Dr Adesso, Associate Professor in the School of Mathematical Sciences, said: “The project is deeply driven by a scientific curiosity to understand the ultimate regime of validity of quantum mechanics. Thanks to this ERC grant I can assemble a team to investigate such foundational questions as well as to deliver results of practical relevance for quantum information technologies, including optimal strategies for quantum communication, metrology and thermal engineering.

“The ERC funding is crucial for me to bring forward a blue-sky type of research, whereas national funding at the moment is investing massively in immediate commercialisation of current quantum technologies. I believe we still need to advance the fundamental aspects. Only by learning as much as possible about ‘quantumness’, about what genuinely makes quantum technologies more powerful than classical ones, and under which conditions such advantages can be sustained, we will be able to trigger the long-awaited quantum industrial revolution. In the next five years I wish to contribute primarily to this exciting endeavour.”

Harmony from quantum discord

Professor Ian Dryden, Head of the School of Mathematical Sciences, said: “I am absolutely delighted that Dr Gerardo Adesso has been awarded this prestigious grant. Dr Adesso's high-quality research into quantum information science has helped to put The University of Nottingham at the leading edge of the discipline. His novel theoretical work has great promise for the development of future quantum technologies, like the superfast computers of tomorrow.”

Dr Adesso’s group at The University of Nottingham has already challenged the established paradigm on quantum correlations, identifying and interpreting (by both theory and experiment) novel versatile resources that yield advantages in quantum information processing, such as quantum discord.

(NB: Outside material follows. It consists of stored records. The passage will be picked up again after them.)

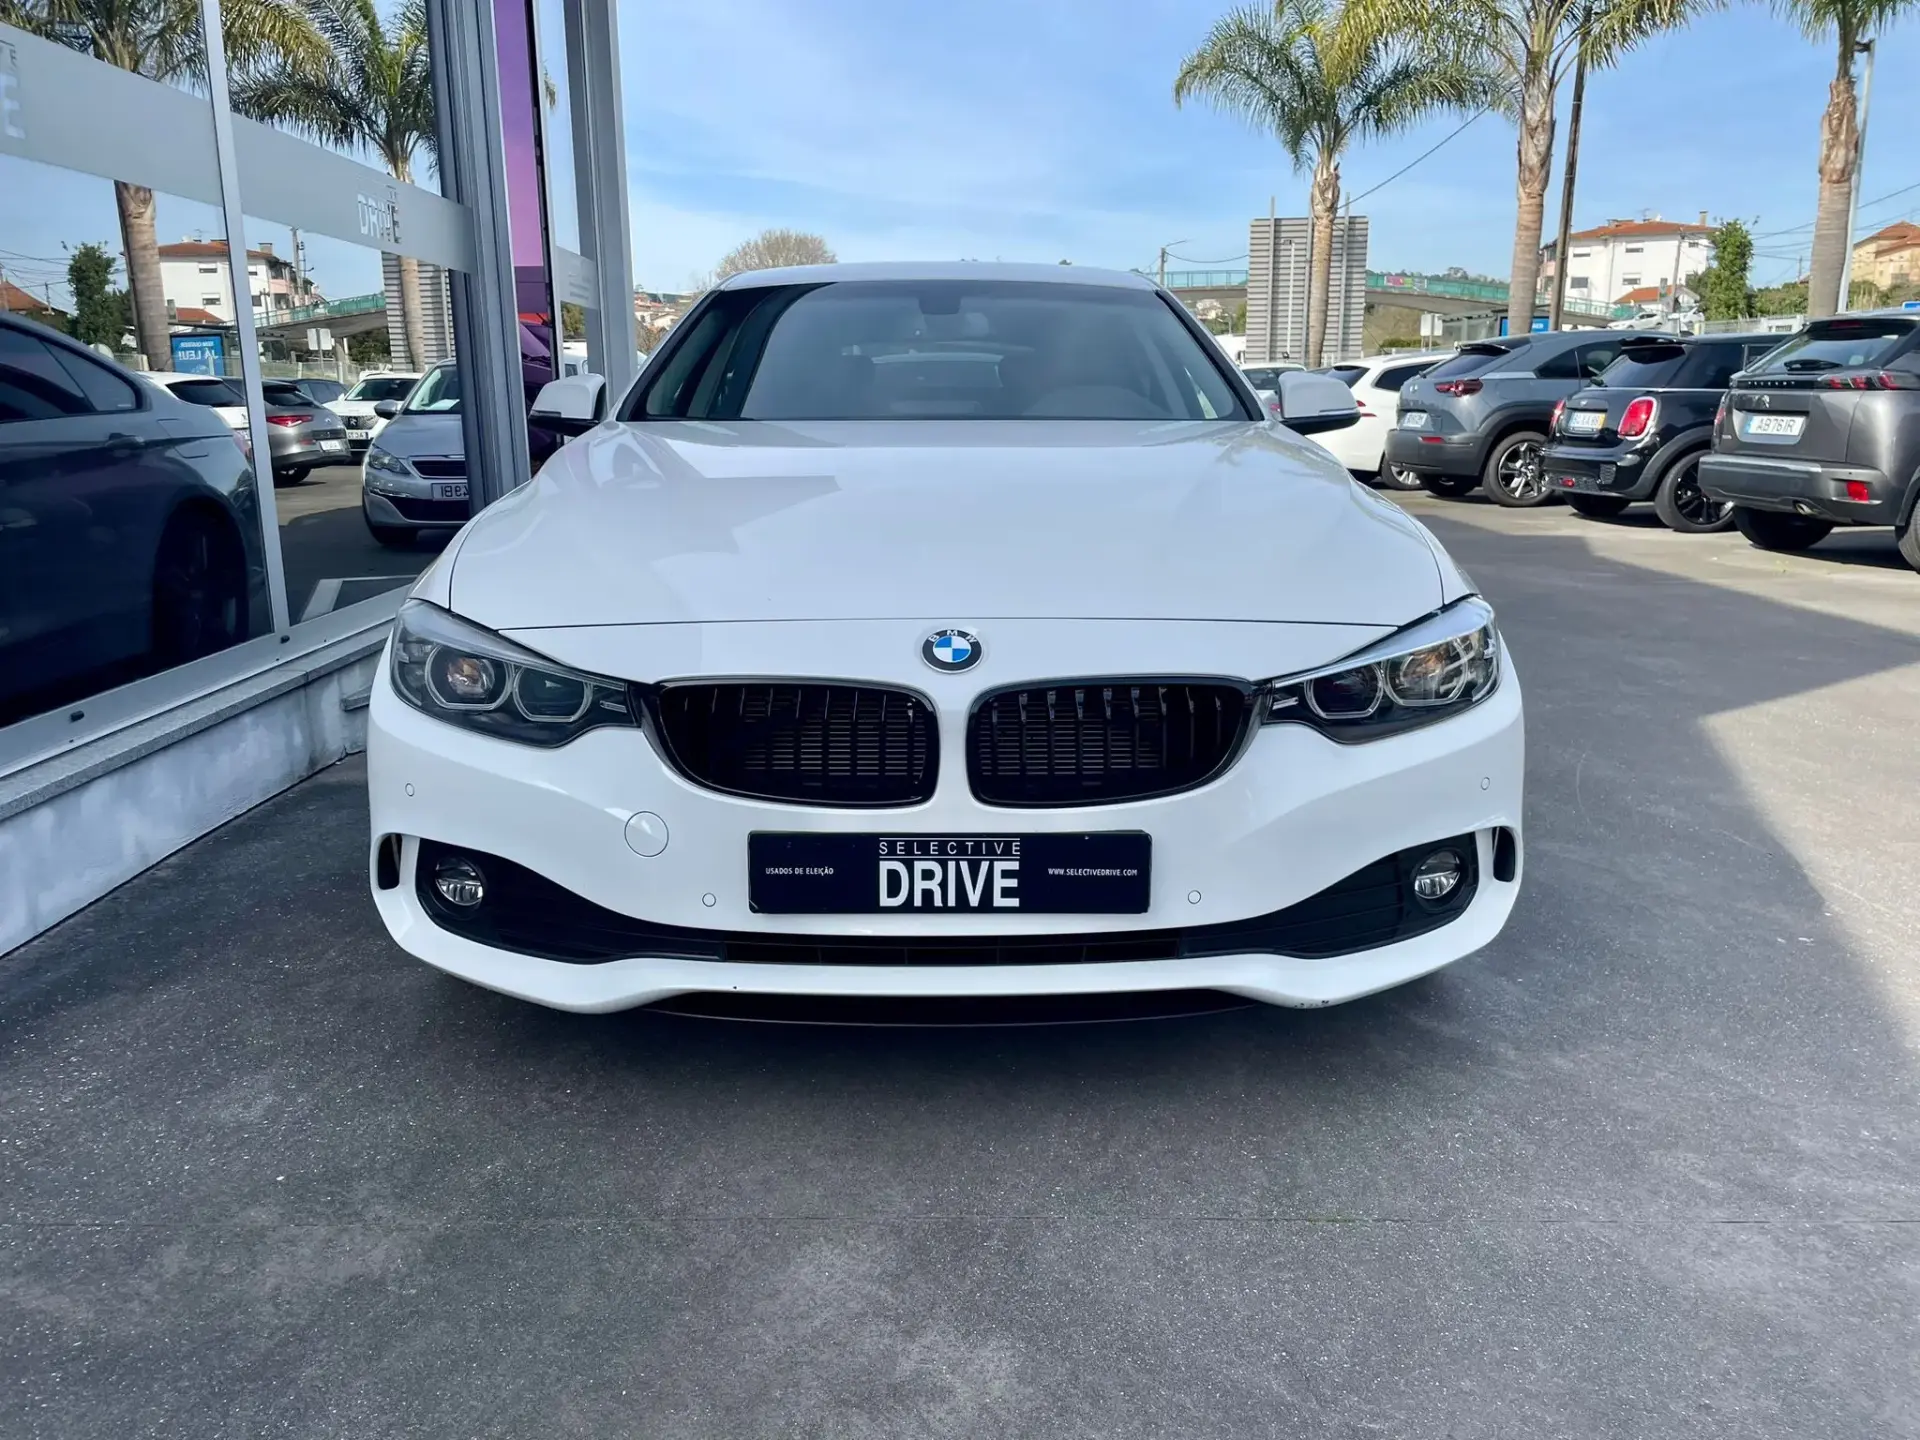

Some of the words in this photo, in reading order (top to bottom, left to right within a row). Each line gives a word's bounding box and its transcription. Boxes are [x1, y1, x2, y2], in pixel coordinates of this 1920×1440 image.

[357, 193, 402, 244] DRIVE
[928, 629, 978, 644] BMW
[879, 841, 1021, 855] SELECTIVE
[765, 867, 793, 875] USADOS
[794, 867, 804, 875] DE
[805, 866, 834, 877] ELEIÇÃO
[1047, 867, 1138, 877] WWW.SELECTIVEDRIVE.COM
[879, 860, 1020, 908] DRIVE
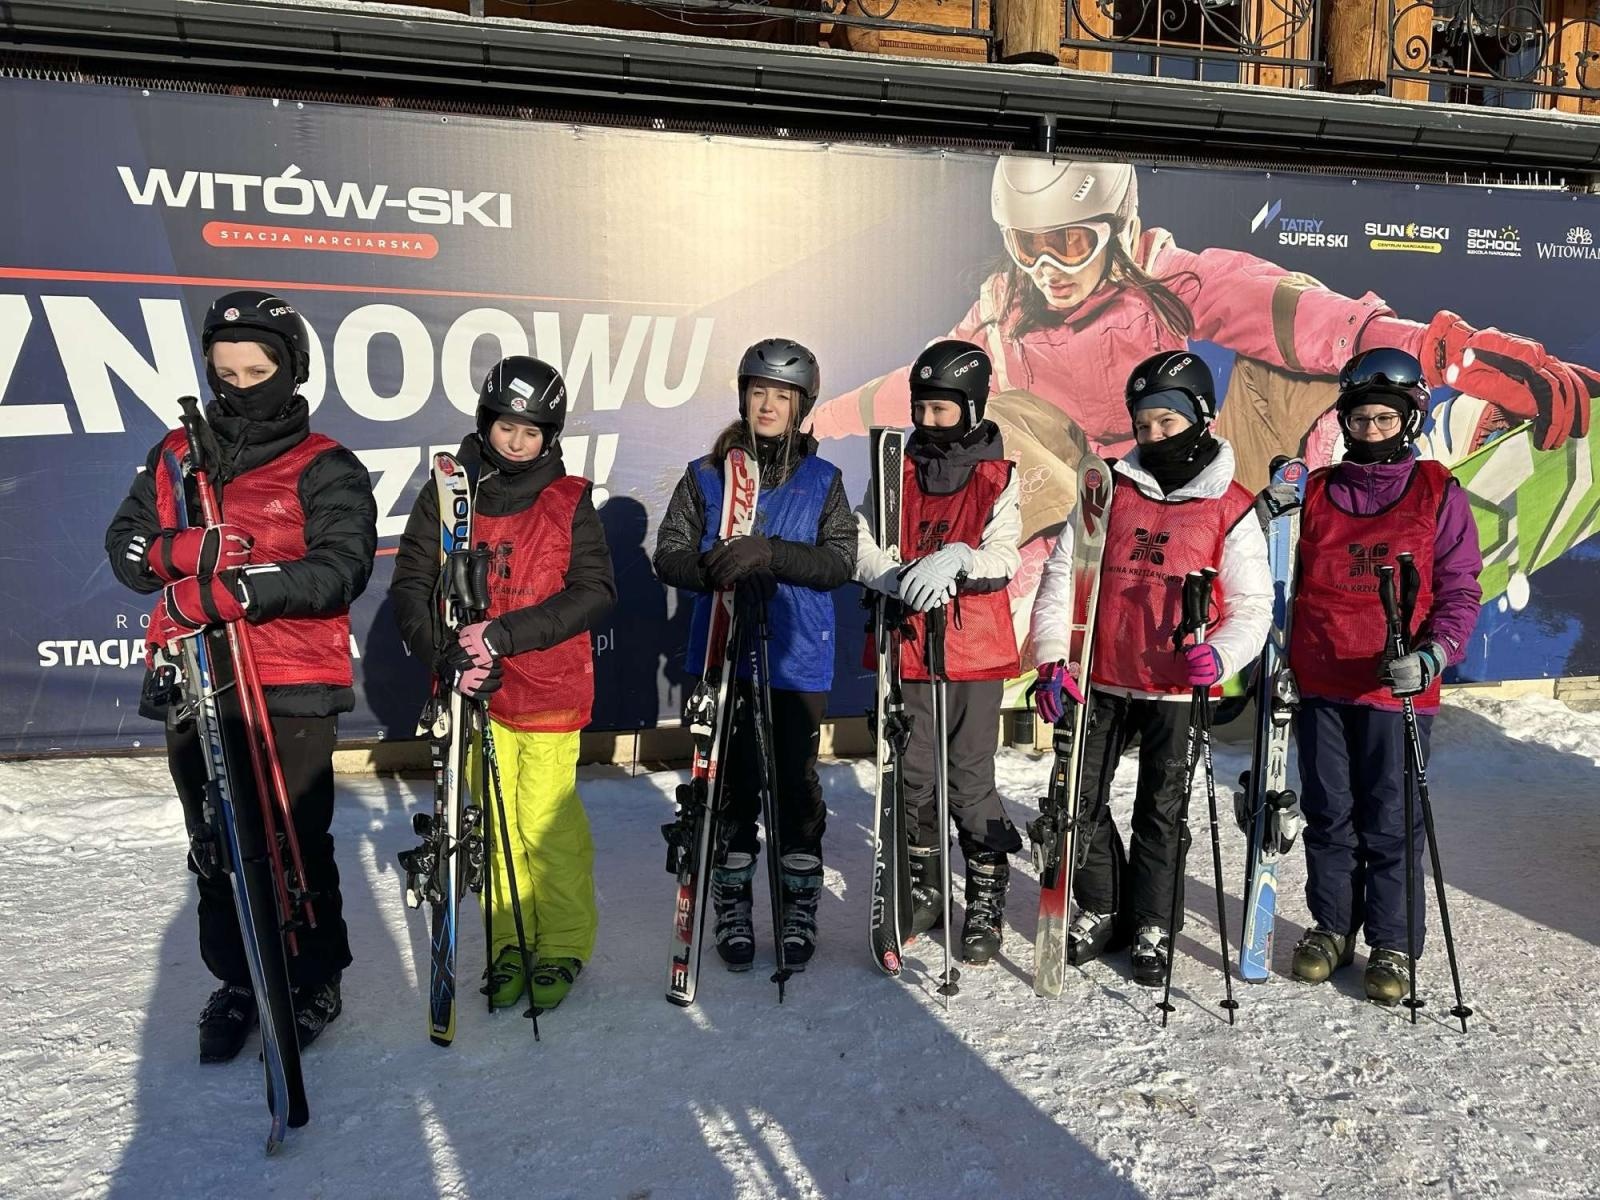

The new research will try to formally characterise all types of quantum correlations, within a hierarchy dictated by their usefulness as resources, with a long-term goal to establish a universal framework to reveal and exploit quantum enhancements in complex systems, including physical, engineered, natural, biological and social phenomena, inspired from last-century cybernetics.

* coherence: The ability of a quantum system to display superposition and interference phenomena.

** entanglement: The phenomenon whereby the quantum state of two or more particles cannot be separated into individual states for each particle, even though they are spatially separated or not physically connected. Measurements performed on one particle seem to instantaneously affect the second particle entangled with it. Entanglement is a resource for quantum communication, e.g. quantum teleportation, and quantum cryptography.